What the task asks:
Nothing but the line with "Some of the words" and the lines after it should appear, each retyped exactly as in the listing.

Data listing:
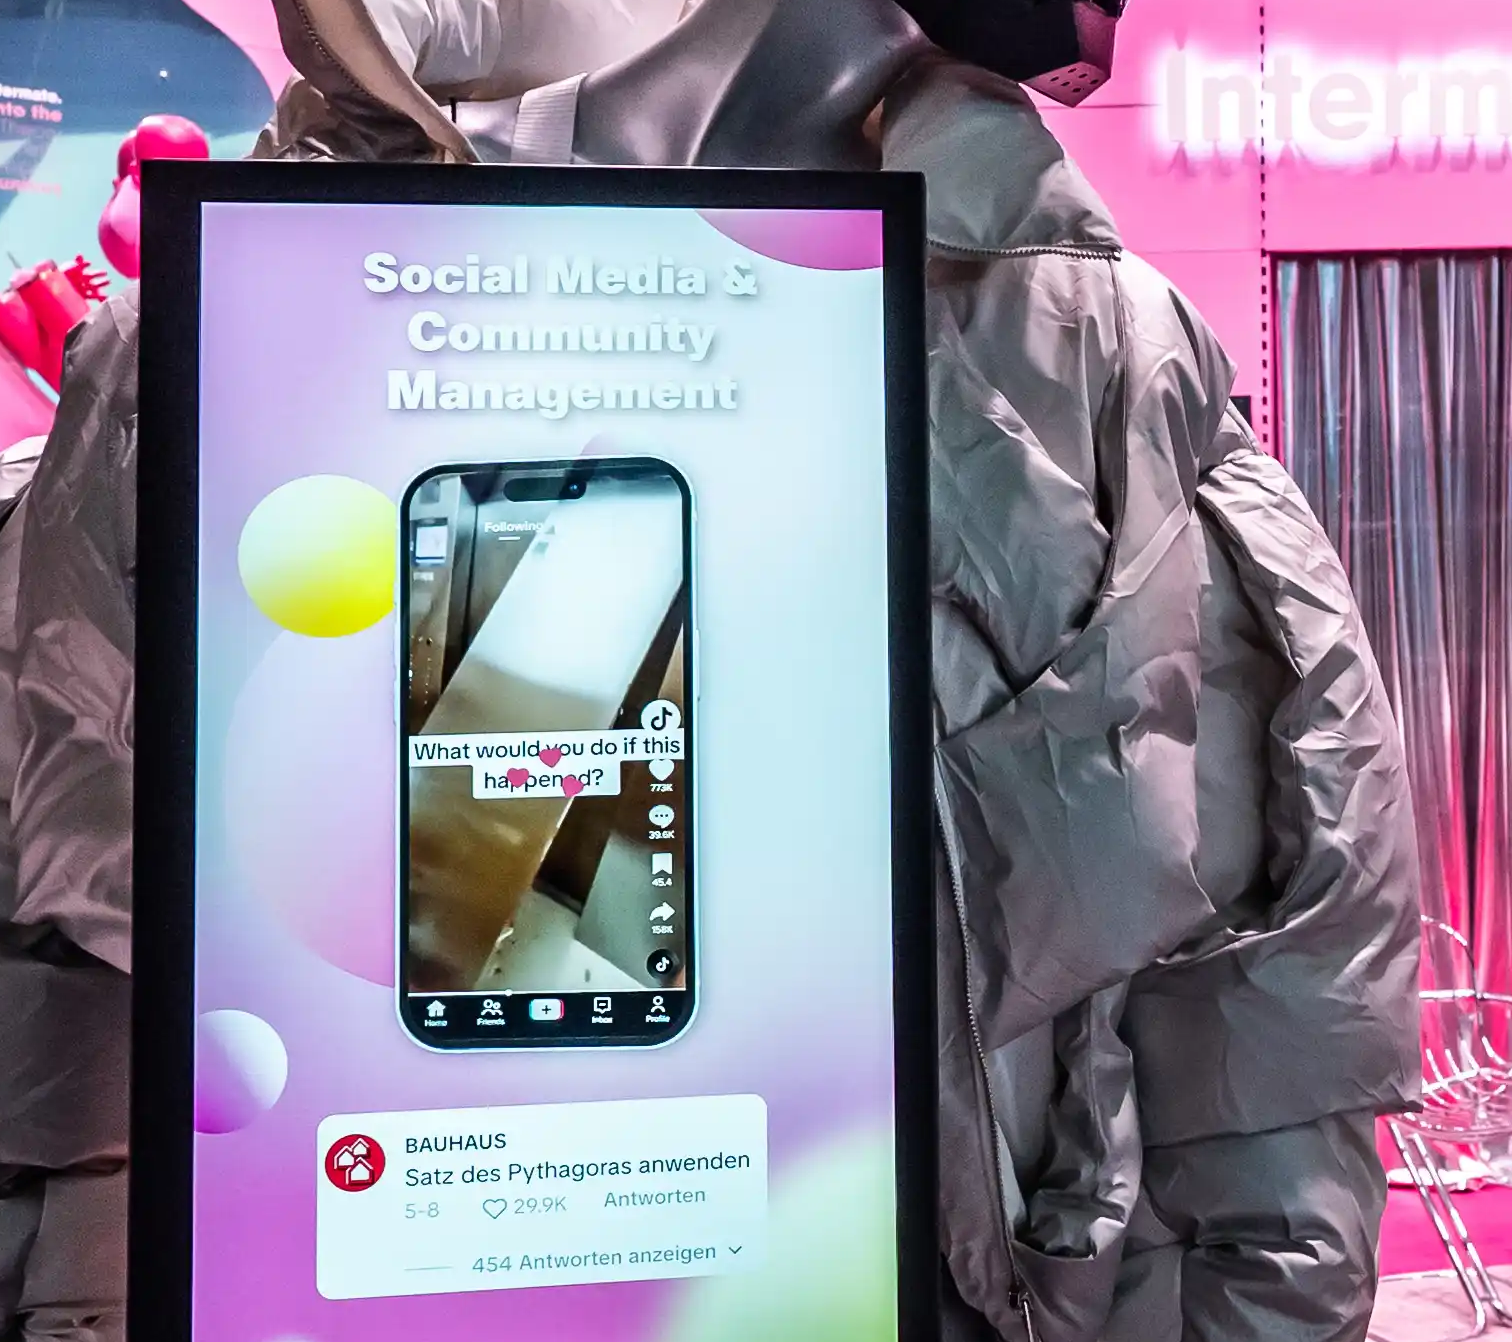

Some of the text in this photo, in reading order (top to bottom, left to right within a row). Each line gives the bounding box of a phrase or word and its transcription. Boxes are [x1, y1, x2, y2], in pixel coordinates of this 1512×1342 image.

[31, 104, 64, 123] the
[363, 251, 760, 298] Social Media &
[407, 311, 717, 362] Community
[386, 370, 738, 419] Management
[415, 736, 680, 760] What would do if this
[405, 1133, 507, 1154] BAUHAUS
[405, 1151, 751, 1188] Satz des Pythagoras anwenden
[405, 1186, 706, 1220] 5-8 29.9K Antworten
[471, 1243, 717, 1274] 454 Antworten anzeigen
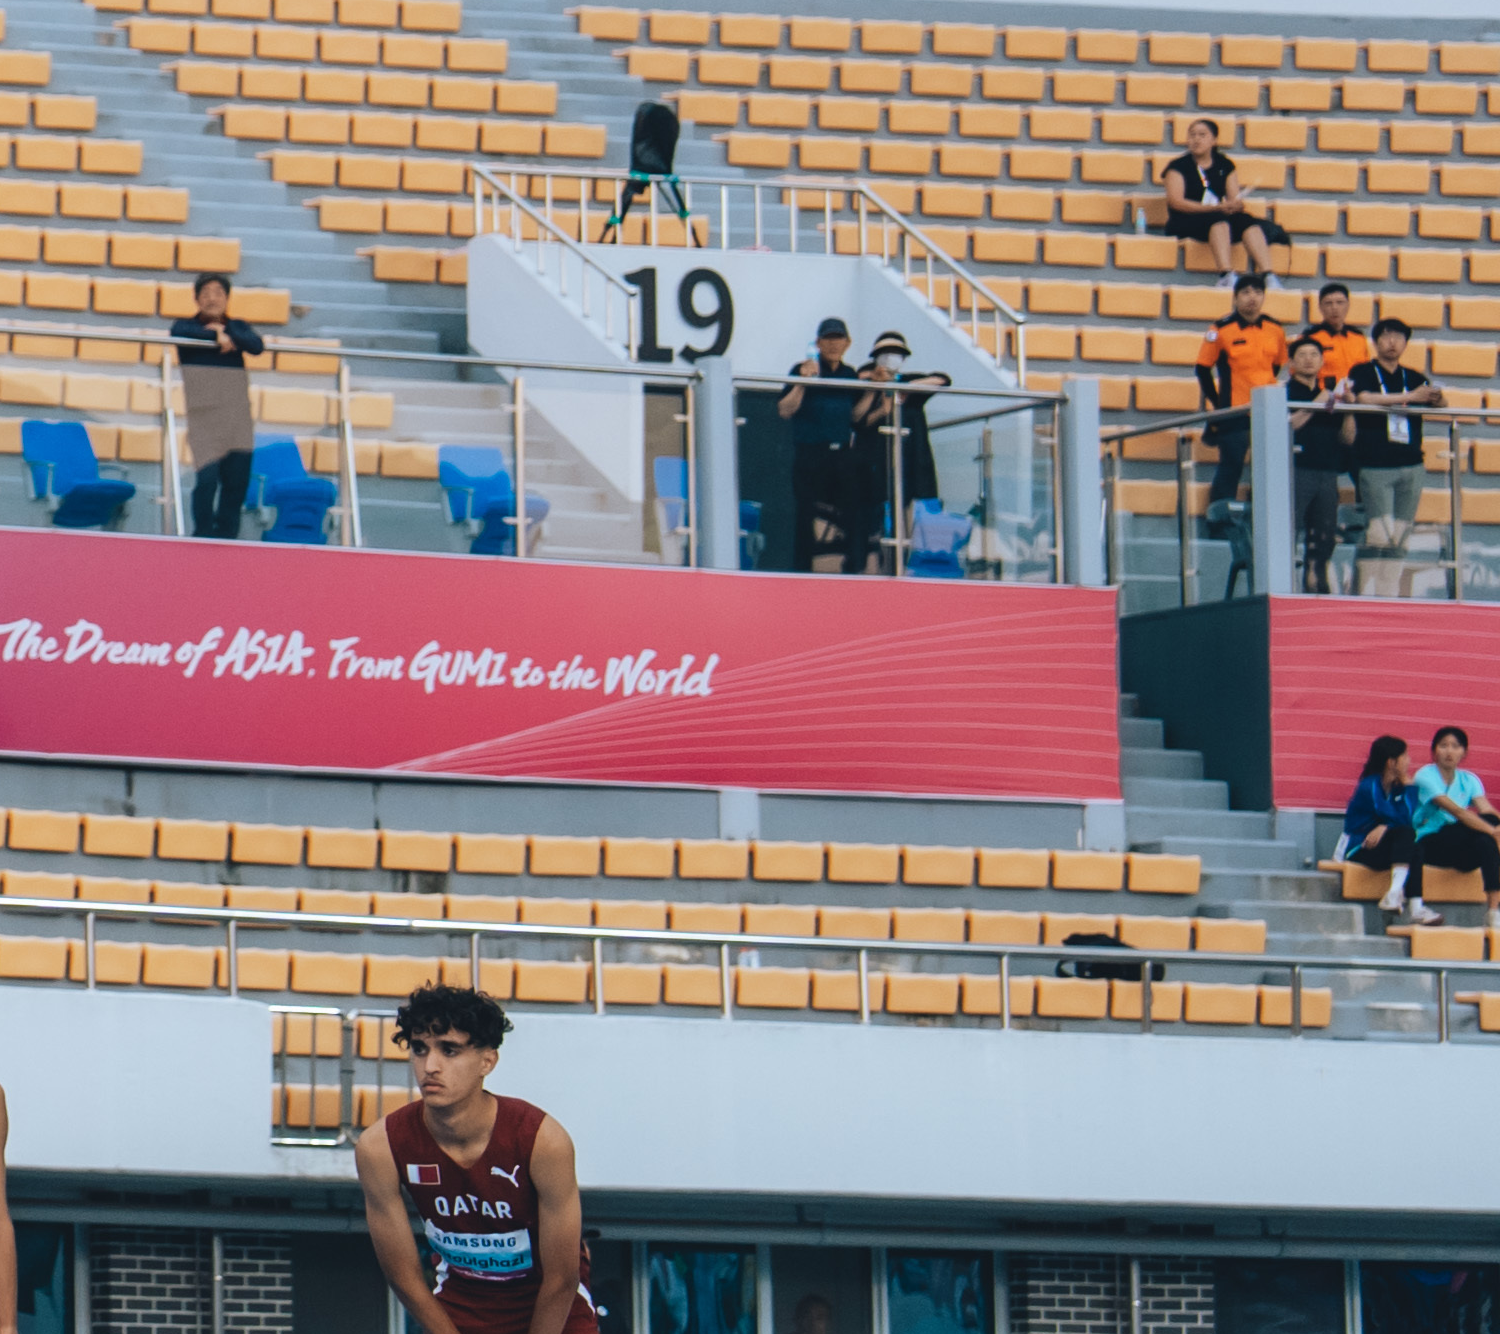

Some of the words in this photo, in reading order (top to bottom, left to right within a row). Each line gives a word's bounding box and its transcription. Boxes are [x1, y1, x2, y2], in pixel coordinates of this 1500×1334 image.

[625, 266, 736, 365] 19
[63, 619, 171, 667] Dream
[175, 626, 223, 677] of
[326, 636, 403, 681] From
[409, 641, 506, 693] GUMI
[510, 652, 546, 688] to
[548, 653, 600, 694] the
[600, 648, 719, 698] World
[434, 1193, 513, 1219] QATAR
[434, 1232, 517, 1248] SAMSUNG

Task output:
Some of the words in this photo, in reading order (top to bottom, left to right within a row). Each line gives a word's bounding box and its transcription. Boxes are [x1, y1, x2, y2], in pixel coordinates of this 1500×1334 image.

[625, 266, 736, 365] 19
[63, 619, 171, 667] Dream
[175, 626, 223, 677] of
[326, 636, 403, 681] From
[409, 641, 506, 693] GUMI
[510, 652, 546, 688] to
[548, 653, 600, 694] the
[600, 648, 719, 698] World
[434, 1193, 513, 1219] QATAR
[434, 1232, 517, 1248] SAMSUNG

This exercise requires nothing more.